Monday, Aug. 08, 1988
The Food You Eat May Kill You
By Anastasia Toufexis
Americans have long been treated to a barrage of dietary advice from health officials, some of it frightening, some useful -- and some just plain confusing. Last week they got the strongest and clearest warning yet that what they eat can kill them. In the first ever Surgeon General's Report on Nutrition and Health, a 712-page document that draws on more than 2,000 studies, Surgeon General C. Everett Koop cautions that the U.S. population eats altogether too much, and too much of the wrong foods, especially saturated fats. Says Koop: "Your choice of diet can influence your long-term health prospects more than any other action you might take."
The report, prepared with the help of 200 doctors, nutritionists and researchers, is the most comprehensive governmental review yet of the connection between diet and health. Though little in it is really new, its very heft is impressive. Diet, the report states, helped account for more than two-thirds of the 2.1 million deaths in the U.S. last year. Poor nutritional habits are strongly implicated in five of the nation's top ten killers: coronary heart disease, stroke, atherosclerosis, diabetes and some cancers.

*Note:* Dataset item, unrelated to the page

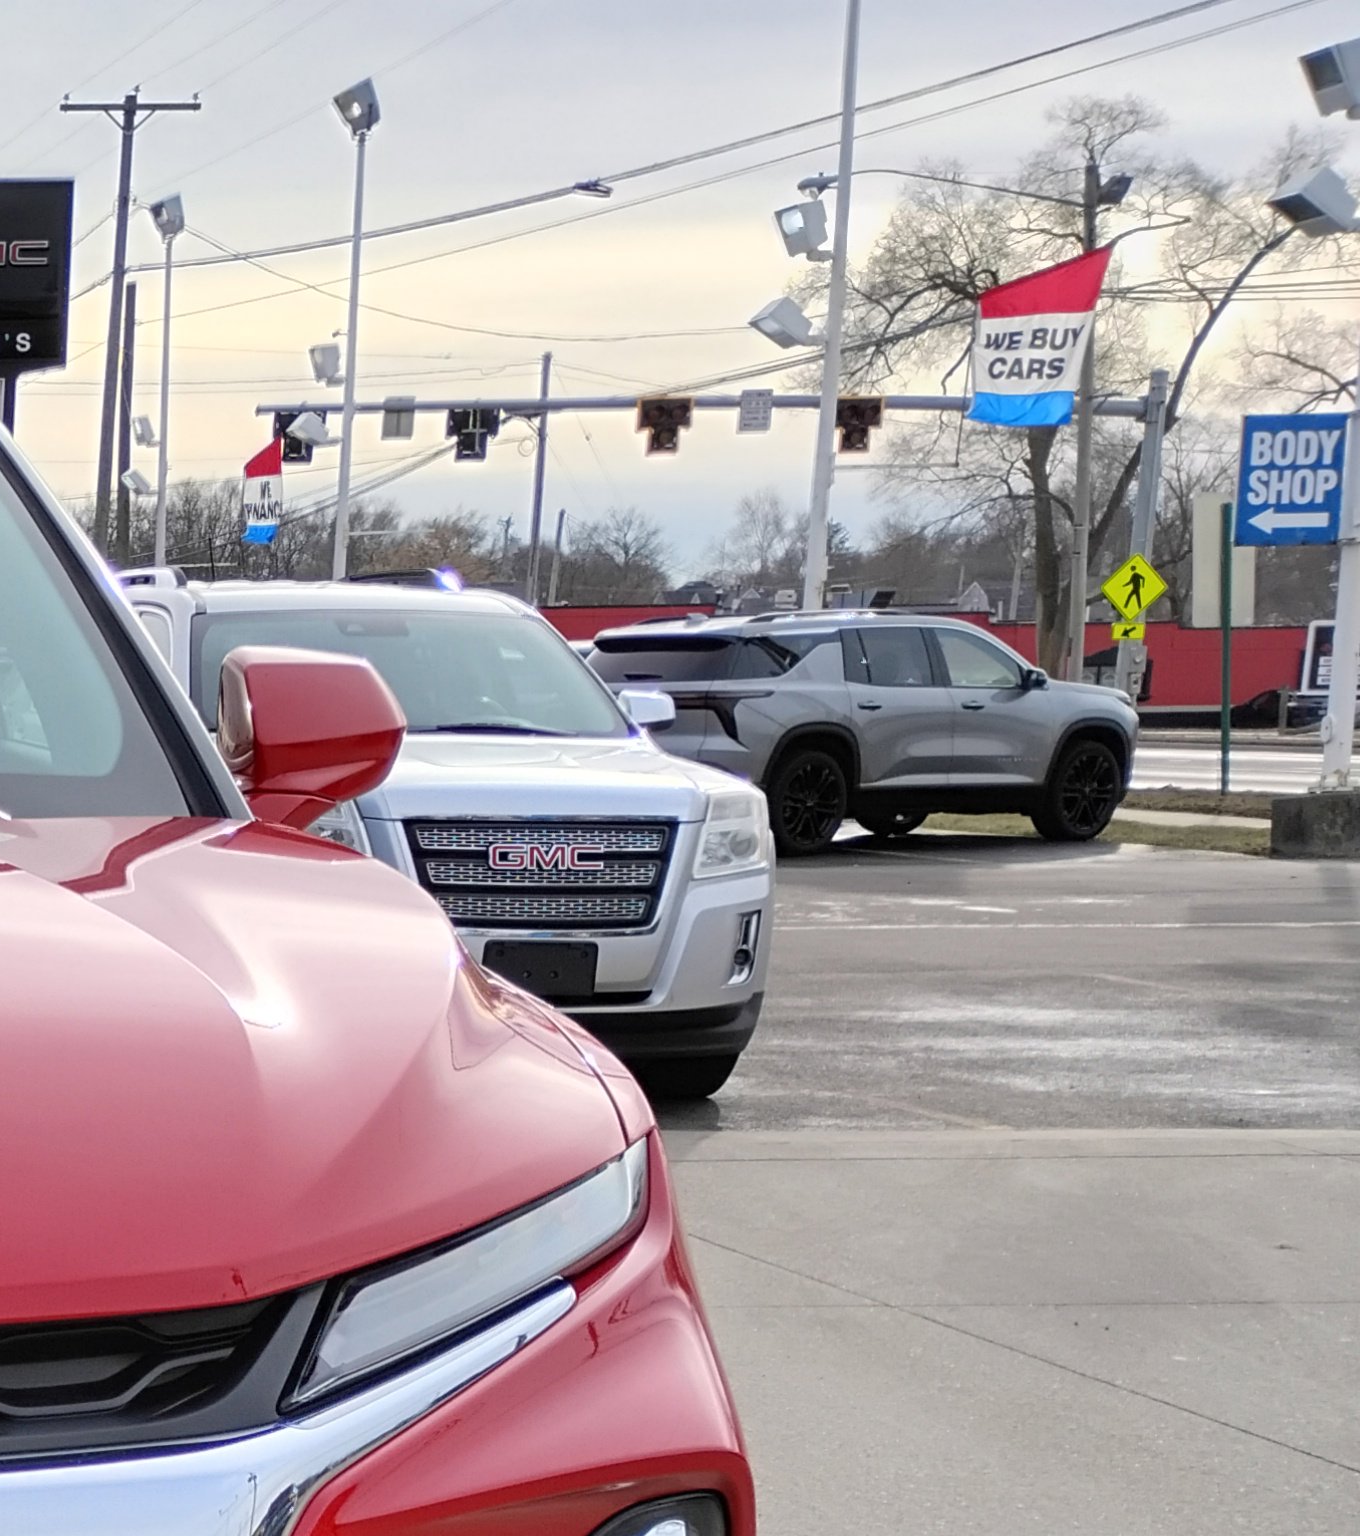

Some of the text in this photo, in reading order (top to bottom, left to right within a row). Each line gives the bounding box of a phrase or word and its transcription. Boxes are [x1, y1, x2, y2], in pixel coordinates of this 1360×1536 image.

Excessive alcohol use is linked to three other leading causes of death: cirrhosis of the liver, accidents and suicide.
While noting that other factors, like heredity and environment, contribute to the development of chronic ailments, the report stresses that aside from drinking or smoking, diet is the "one personal choice" that more than any other influences long-term health prospects. The Surgeon General's Report urges the public to cut back on saturated fats and cholesterol, mainly from meat and dairy products, and concentrate on fish, skinned poultry, fruits, vegetables and whole grain products. Fat, which increases the risk for obesity, heart disease and cancer, now accounts for 37% of the calories in the American diet, well above the 30% recommended by many health experts.
The Surgeon General wants Americans to minimize the use of salt in cooking and at the table, and to limit alcohol intake to no more than two drinks a day. Pregnant women are cautioned to skip liquor altogether. Other advice: adolescent girls and premenopausal women should increase consumption of calcium-rich foods to guard against osteoporosis, and children and women of childbearing age should be sure to eat foods high in iron to prevent anemia, a condition prevalent in low-income families.
Critics promptly blasted the report for failing to break any new ground and complained that it did not address the need for nutrition education programs or tough regulations governing food labeling. Still, the document was welcomed as reinforcement for a host of warnings and advisories issued earlier by federal agencies, including the Department of Agriculture and the National Cancer Institute, and such organizations as the American Heart Association and the American Cancer Society.
U.S. health officials hope the new Surgeon General's report will have the same galvanizing effect on the public's eating habits that the 1964 Government warning about tobacco had on smoking. Koop sees plenty of similarities. Both areas, he says, have been fraught with "controversy and misunderstanding." But with one significant difference: "The depth of the science underlying this report's findings is even more impressive than that for tobacco and health in 1964." Now that the Surgeon General has spoken, will Americans listen?